Famille et rêves d’enfance: Jérôme Colin se dévoile, côté privé
À la radio dans Entrez sans frapper (La Première) et en télé dans Hep Taxi ! (La Trois), Jérôme Colin écoute les autres. À lui maintenant de se livrer. D’après une interview de Myriam Leroy. Photo cover: Laetizia Bazzoni.
Jérôme Colin est un homme que l’on pourrait qualifier, faute de mieux, de « vrai » (mais en existe-t-il de faux ?). Il a l’air expansif, vite vu, comme ça, mais c’est un garçon pudique, doté d’un talent fou pour faire parler les autres, et d’un talent tout aussi fou pour protéger ses secrets. C’est un émotif, un sentimental, qui dissimule derrière des manières cash une passion ardente pour la beauté, l’amour, l’absolu.
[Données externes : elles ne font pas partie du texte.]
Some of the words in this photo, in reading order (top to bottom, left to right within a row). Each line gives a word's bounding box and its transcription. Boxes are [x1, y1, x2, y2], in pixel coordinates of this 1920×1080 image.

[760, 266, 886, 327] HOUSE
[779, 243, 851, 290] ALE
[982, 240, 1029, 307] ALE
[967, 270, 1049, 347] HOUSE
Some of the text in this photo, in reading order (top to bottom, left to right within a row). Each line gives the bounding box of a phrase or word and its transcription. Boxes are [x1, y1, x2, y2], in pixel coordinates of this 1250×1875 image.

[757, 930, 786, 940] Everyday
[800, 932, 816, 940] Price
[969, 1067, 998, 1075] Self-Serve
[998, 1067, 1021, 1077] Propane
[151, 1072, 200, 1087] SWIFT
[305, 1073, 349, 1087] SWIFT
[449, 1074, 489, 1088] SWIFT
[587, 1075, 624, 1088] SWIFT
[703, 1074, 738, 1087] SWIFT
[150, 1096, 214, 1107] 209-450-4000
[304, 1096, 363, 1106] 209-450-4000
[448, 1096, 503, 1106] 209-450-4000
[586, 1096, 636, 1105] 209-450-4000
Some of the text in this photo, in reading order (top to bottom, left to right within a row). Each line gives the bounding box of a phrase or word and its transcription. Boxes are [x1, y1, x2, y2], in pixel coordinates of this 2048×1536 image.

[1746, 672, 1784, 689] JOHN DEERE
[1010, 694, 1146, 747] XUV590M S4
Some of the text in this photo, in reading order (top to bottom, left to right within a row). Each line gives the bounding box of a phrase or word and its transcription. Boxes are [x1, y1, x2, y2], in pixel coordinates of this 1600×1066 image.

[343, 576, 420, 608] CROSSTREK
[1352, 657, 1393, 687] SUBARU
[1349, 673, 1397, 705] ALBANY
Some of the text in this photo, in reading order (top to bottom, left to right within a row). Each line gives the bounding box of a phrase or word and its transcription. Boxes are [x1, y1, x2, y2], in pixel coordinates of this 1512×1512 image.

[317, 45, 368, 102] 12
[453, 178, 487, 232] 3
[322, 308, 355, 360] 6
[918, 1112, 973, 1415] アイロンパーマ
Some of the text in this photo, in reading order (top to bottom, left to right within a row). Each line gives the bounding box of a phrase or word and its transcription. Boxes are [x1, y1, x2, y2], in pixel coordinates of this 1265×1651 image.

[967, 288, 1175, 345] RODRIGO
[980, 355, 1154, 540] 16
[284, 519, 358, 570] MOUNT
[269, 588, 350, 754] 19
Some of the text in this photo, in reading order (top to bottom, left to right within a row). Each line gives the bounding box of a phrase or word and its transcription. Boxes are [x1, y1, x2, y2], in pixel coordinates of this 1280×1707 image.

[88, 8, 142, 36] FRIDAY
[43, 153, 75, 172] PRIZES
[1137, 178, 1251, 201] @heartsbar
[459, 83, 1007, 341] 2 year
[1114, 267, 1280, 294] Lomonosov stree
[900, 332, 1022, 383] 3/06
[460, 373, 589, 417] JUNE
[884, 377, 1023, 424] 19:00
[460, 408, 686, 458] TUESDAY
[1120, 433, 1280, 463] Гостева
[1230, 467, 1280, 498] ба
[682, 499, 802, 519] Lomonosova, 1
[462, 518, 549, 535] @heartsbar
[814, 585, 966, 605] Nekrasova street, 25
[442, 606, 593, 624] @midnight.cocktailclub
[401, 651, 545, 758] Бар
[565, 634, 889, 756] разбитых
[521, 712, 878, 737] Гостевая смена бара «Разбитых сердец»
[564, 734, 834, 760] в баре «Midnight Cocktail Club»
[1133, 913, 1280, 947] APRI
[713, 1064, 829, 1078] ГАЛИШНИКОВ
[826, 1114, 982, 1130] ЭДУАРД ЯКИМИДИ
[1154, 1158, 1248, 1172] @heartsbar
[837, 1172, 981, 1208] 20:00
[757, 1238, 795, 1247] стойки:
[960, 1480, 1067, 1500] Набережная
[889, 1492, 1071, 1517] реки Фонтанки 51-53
Dans son discours, Colette, sa femme, n’est jamais loin. Ses trois enfants (15, 17 et 19 ans) non plus. De même que l’auteur italien Erri De Luca, qui a révélé à Jérôme son mantra : « Que sais-je de demain ? Ici, il y a tout l’aujourd’hui qu’il faut. »
Est-ce que tu ressembles à celui que tu voulais être plus tard, quand tu étais petit ?
Pas du tout. C’est désespérant !
Tu voulais être qui/quoi, quand tu étais petit ?
Moi, je voulais faire du théâtre, c’était ça qui m’intéressait.
Pas du cinéma, du théâtre ?
Quand j’étais gamin, j’ai fait du théâtre à l’école et ça a été une espèce de révélation parce que comme j’avais beaucoup de mal à exister dans un groupe, tout à coup j’ai pu réellement faire partie d’une bande, d’une troupe. On avait un objectif qui n’était pas juste de s’asseoir, fumer des clopes, boire des coups et draguer des filles. On voulait réaliser quelque chose et j’ai trouvé ça très beau. Ça m’a changé.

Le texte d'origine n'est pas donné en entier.